Task item: What you print should match the entries exactly, only without the pictures.

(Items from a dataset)
========================================

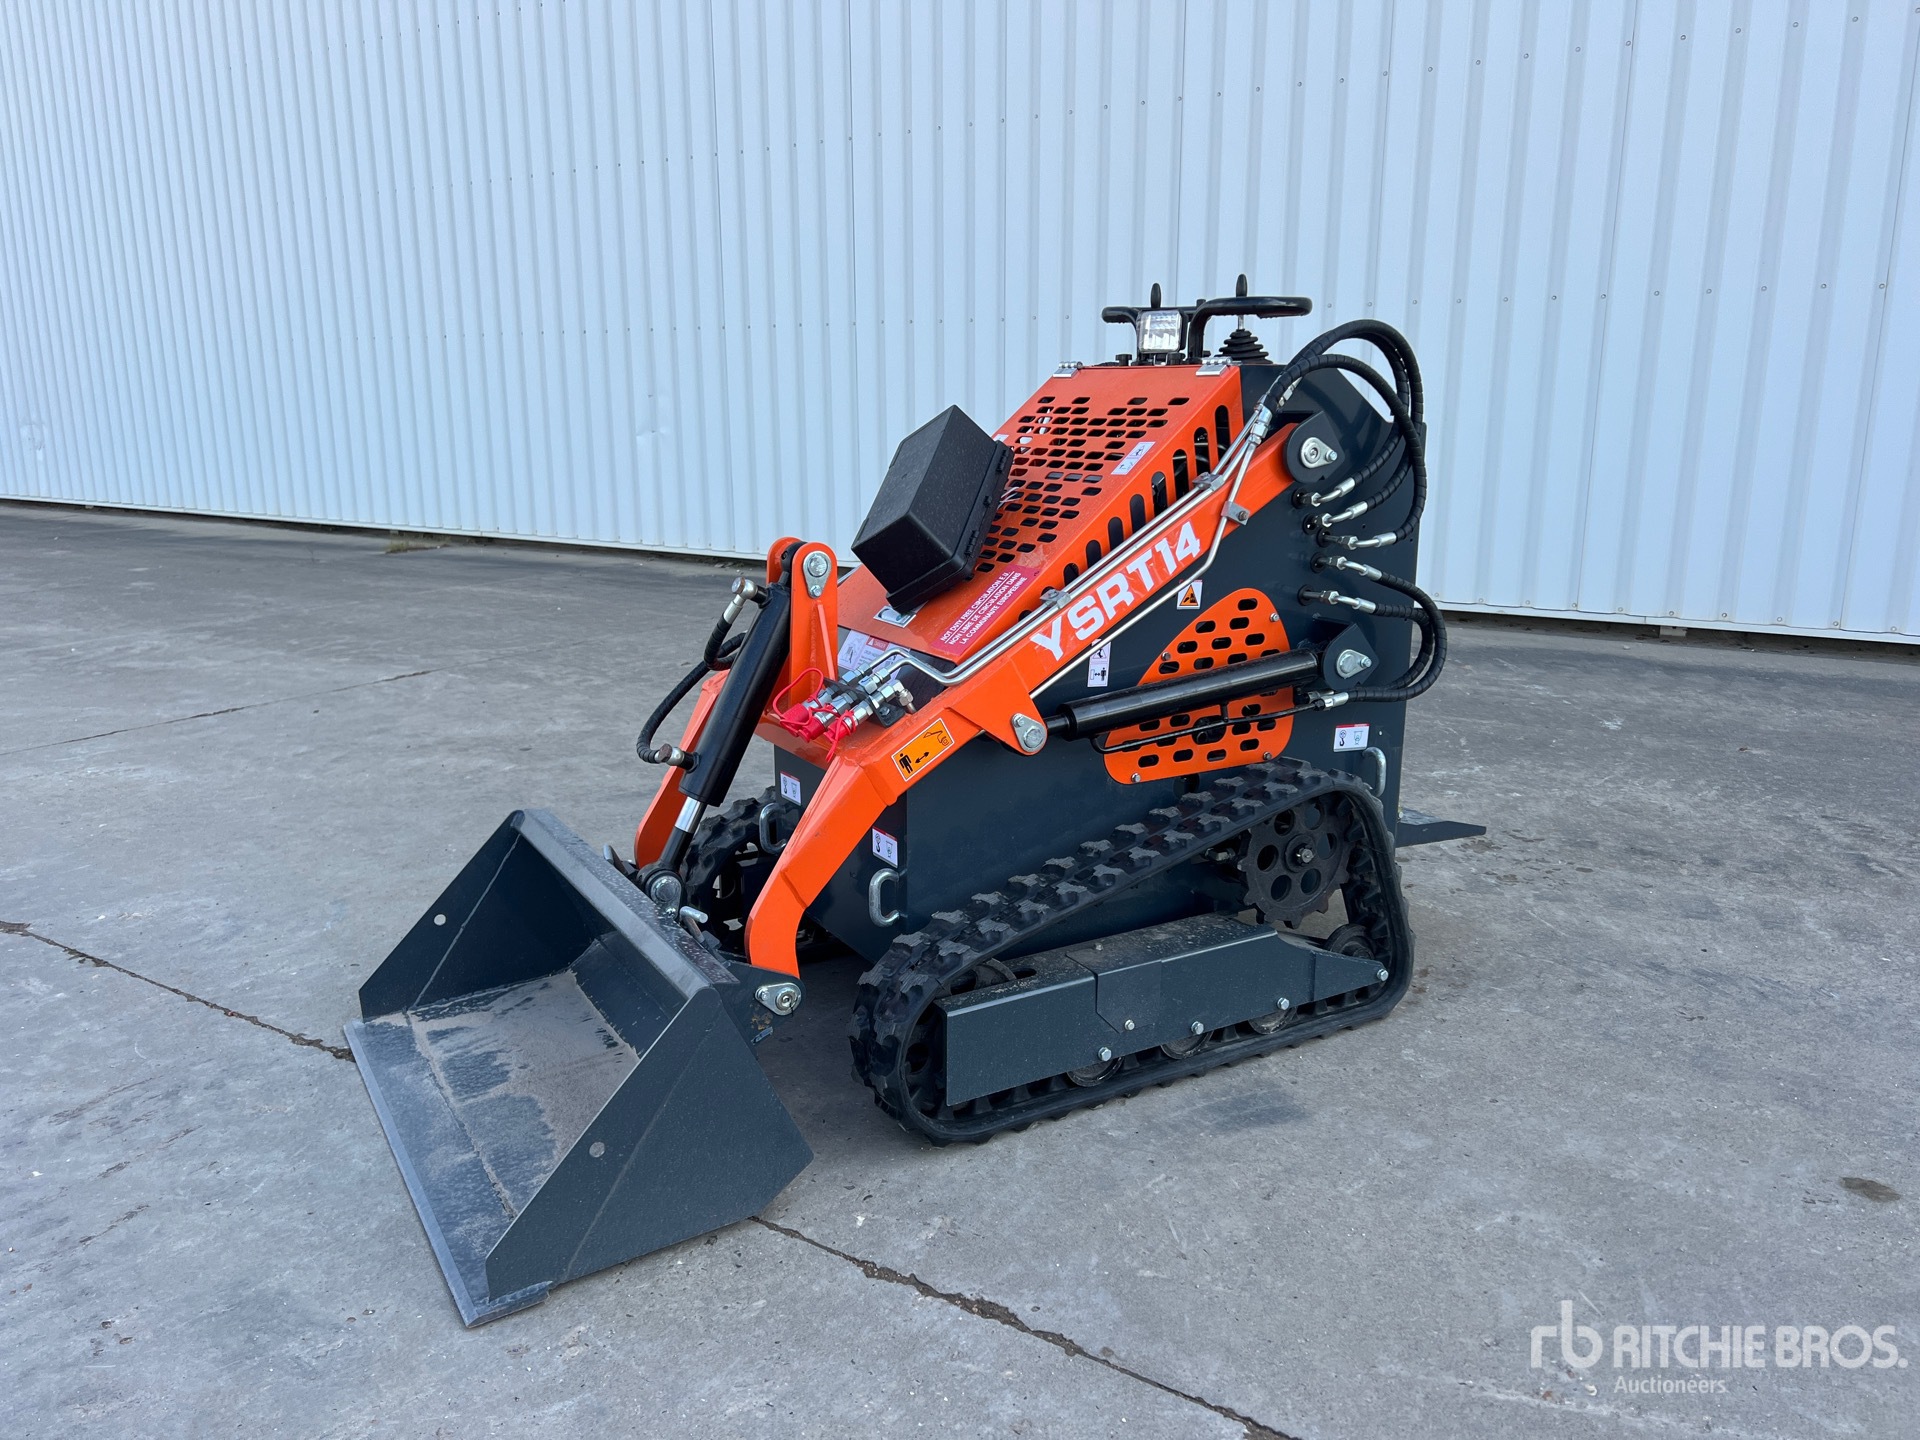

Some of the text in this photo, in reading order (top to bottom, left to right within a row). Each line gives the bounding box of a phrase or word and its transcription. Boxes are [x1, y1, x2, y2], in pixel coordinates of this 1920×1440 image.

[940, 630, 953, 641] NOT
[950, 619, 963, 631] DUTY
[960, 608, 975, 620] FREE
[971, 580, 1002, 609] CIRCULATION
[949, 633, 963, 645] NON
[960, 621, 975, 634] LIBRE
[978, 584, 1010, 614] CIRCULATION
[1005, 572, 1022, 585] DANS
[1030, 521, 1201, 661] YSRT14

========================================

Output:
Some of the text in this photo, in reading order (top to bottom, left to right within a row). Each line gives the bounding box of a phrase or word and its transcription. Boxes are [x1, y1, x2, y2], in pixel coordinates of this 1920×1440 image.

[940, 630, 953, 641] NOT
[950, 619, 963, 631] DUTY
[960, 608, 975, 620] FREE
[971, 580, 1002, 609] CIRCULATION
[949, 633, 963, 645] NON
[960, 621, 975, 634] LIBRE
[978, 584, 1010, 614] CIRCULATION
[1005, 572, 1022, 585] DANS
[1030, 521, 1201, 661] YSRT14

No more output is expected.